Customer Audits. Acquia offers its Services in the cloud in a one-to-many business model that relies on standardization of best practices and industry standards for the benefit of its Customers and which is utilizing third-party providers and Sub-processors. As a result, onsite audits by Customers pose security and privacy risks to Acquia, other Acquia Customers and Acquia Sub-processors. Moreover, some Sub-processors such as Amazon Web Services (“AWS”) do not allow for physical audits of their data centers, but instead provide third party audits and certifications.
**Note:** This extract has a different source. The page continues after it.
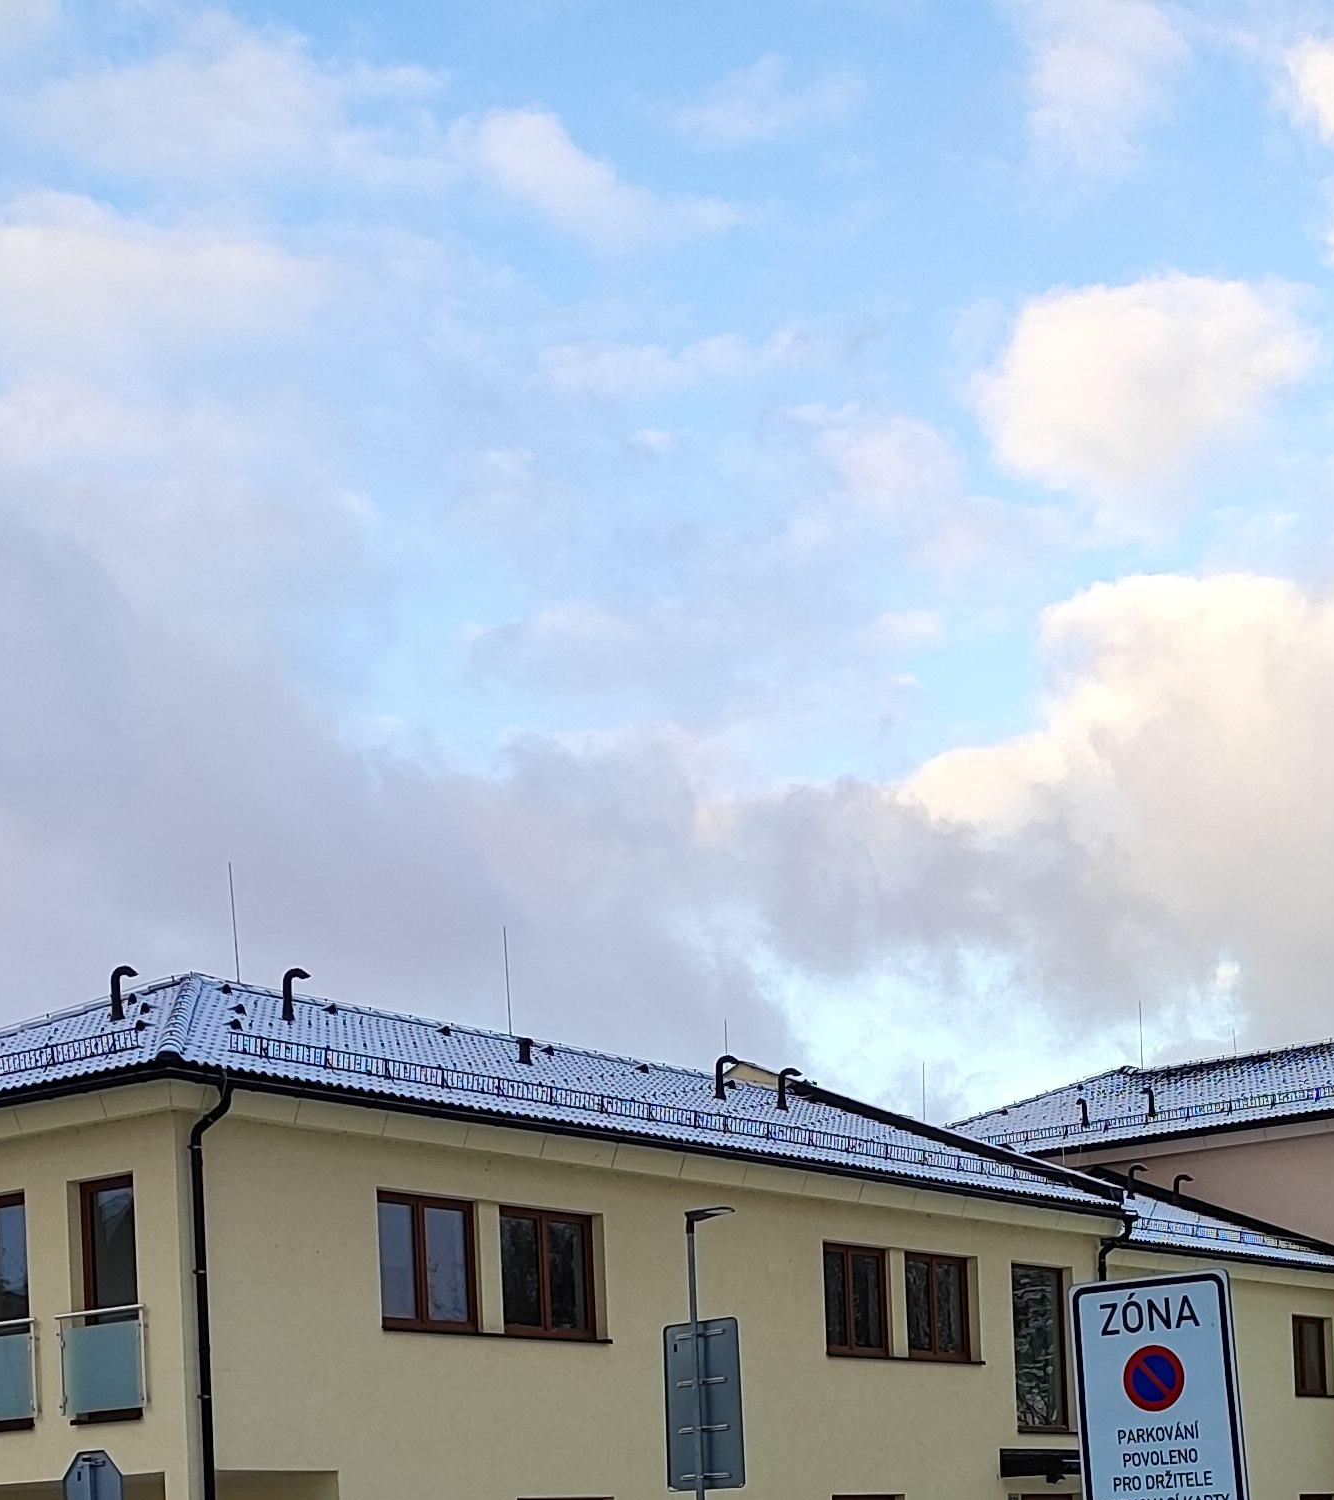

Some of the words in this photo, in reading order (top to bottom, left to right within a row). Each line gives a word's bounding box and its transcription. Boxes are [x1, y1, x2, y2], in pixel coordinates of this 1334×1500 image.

It is for these reasons, among others, that Acquia’s security program consists of the audits, certifications and available documentation detailed in Section 13 “Acquia Certifications and Standards by Product Offering” above as part of balancing transparency regarding the security and privacy safeguards that Acquia has implemented, while also satisfying security and privacy requirements as part of security and privacy obligations to Acquia Customers, and its Sub-processors, including AWS. Therefore, Customer agrees to exercise its right to conduct an audit or inspection of Acquia’s processing of personal data within Customer Data by instructing Acquia to carry out audits as described above in Section 13 “Acquia Certifications and Standards by Product Offering” above using its current processes and timing. If Customer wishes to change this instruction regarding the audit or inspection, then Customer shall send such request by written notice to Acquia, and the parties agree to jointly discuss how to implement the changed instruction.